Allí se tuvo una especie de Consejo de guerra; deliberóse sobre el medio que era preciso emplear para salvar la dignidad de la embajada.

Bragelonne optó por que se respetase el derecho de prioridad.

Wardes propuso entregar al saqueo la ciudad.

Tal proposición pareció un poco fuerte a Manicamp.

Propuso dormir antes que nada esto era lo más prudente.

Por desgracia, para seguir su consejo sólo faltaban dos cosas: una casa y camas.

Guiche meditó algún tiempo, después, gritó en alta voz:

—¡Quien quiera que me siga!

—¿Los criados también? —preguntó un paje que se había acercado al grupo.

—¡Todo el mundo! —gritó el fogoso joven—. Ea, Manicamp, condúcenos a la casa que debe ocupar la princesa.

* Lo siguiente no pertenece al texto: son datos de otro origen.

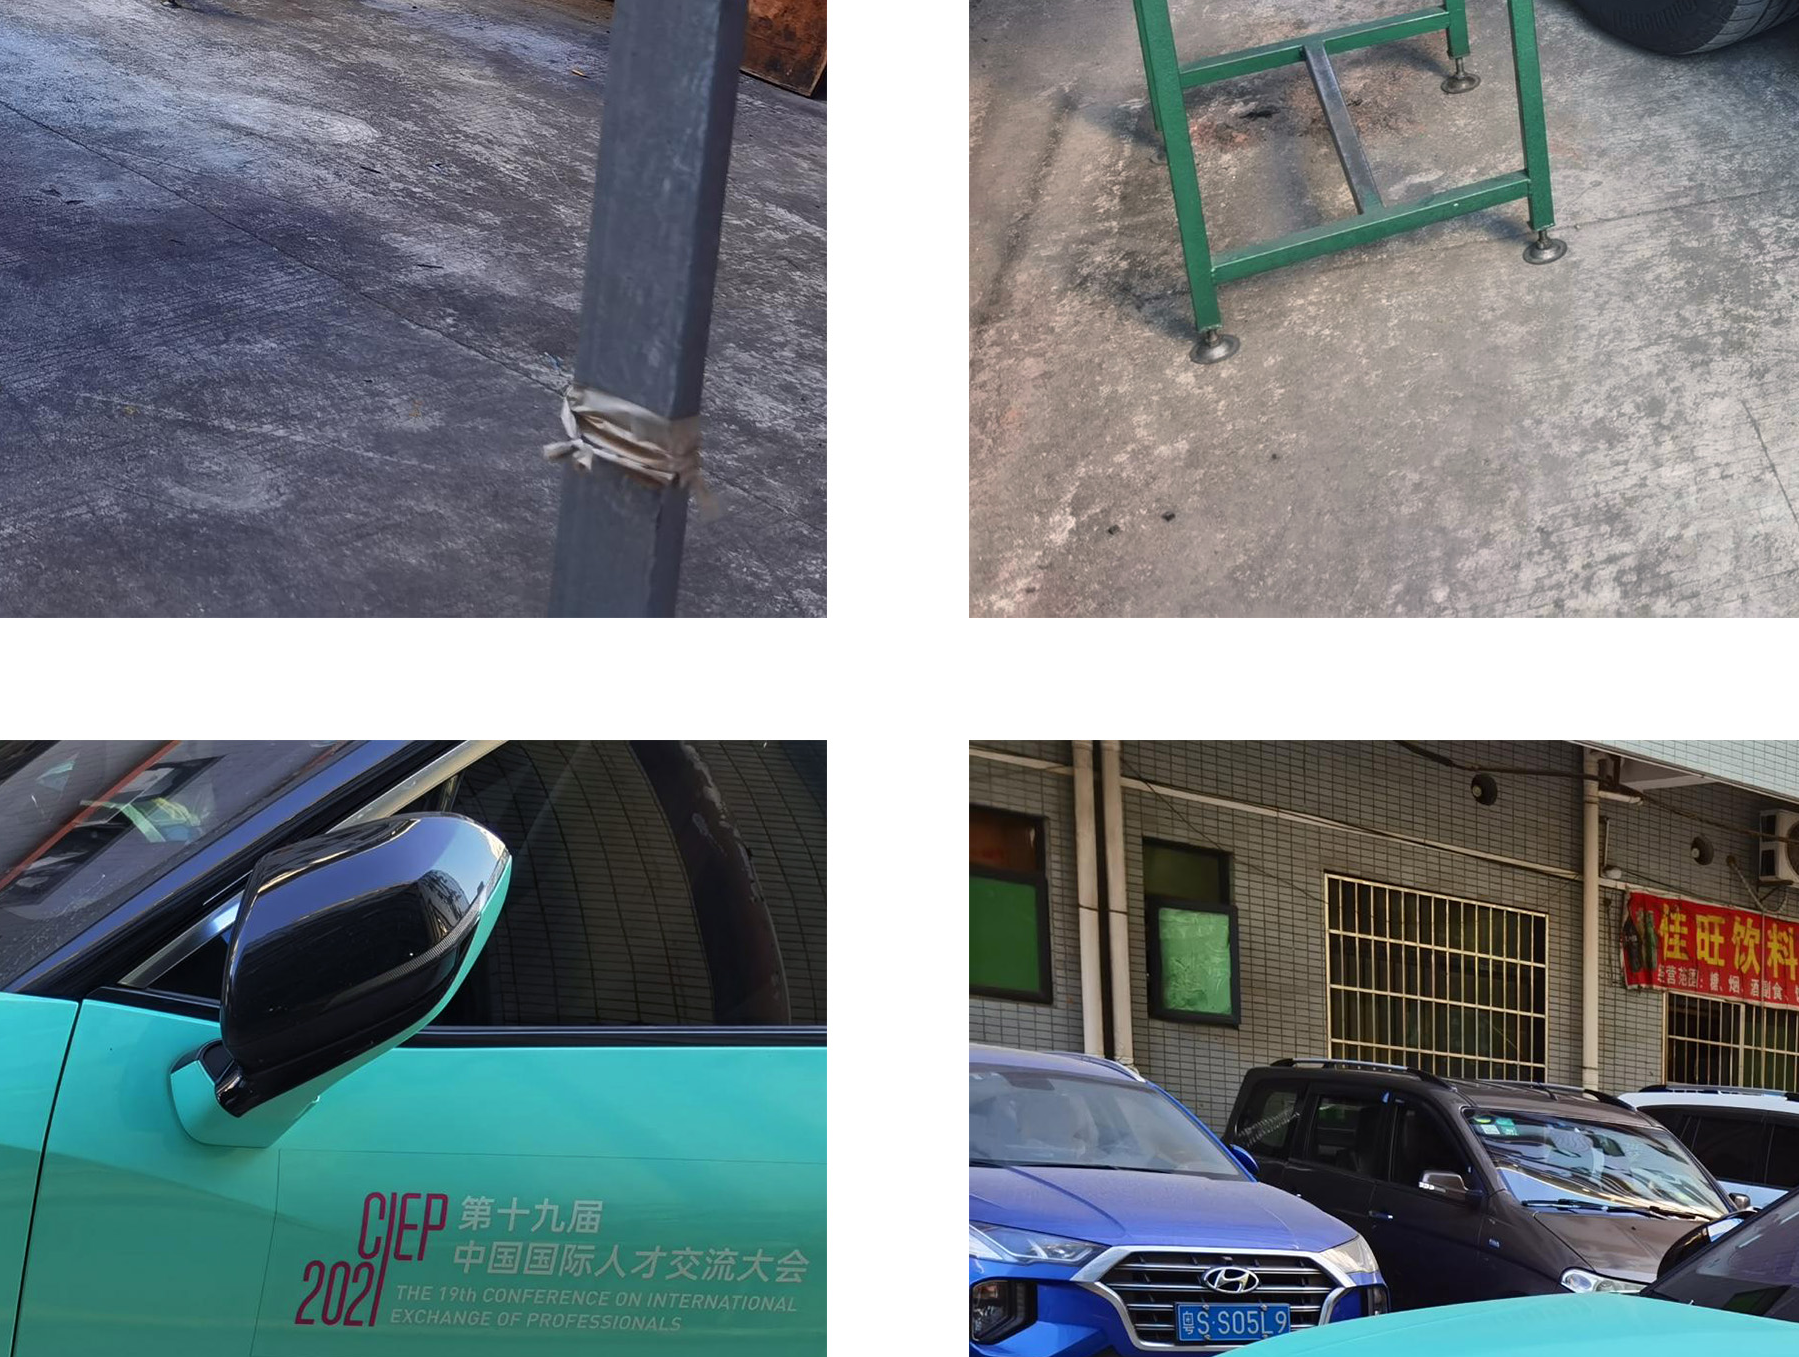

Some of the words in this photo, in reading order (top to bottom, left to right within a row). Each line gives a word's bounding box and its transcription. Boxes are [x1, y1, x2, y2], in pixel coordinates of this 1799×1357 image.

Sin adivinar nada sobre el proyecto del conde, sus amigos le siguieron, escoltados por una muchedumbre popular cuyas aclamaciones y alegría formaban feliz presagio para el proyecto, aun ignorado, de aquella fogosa juventud.

El viento soplaba fuertemente y densas ráfagas agitaban el mar.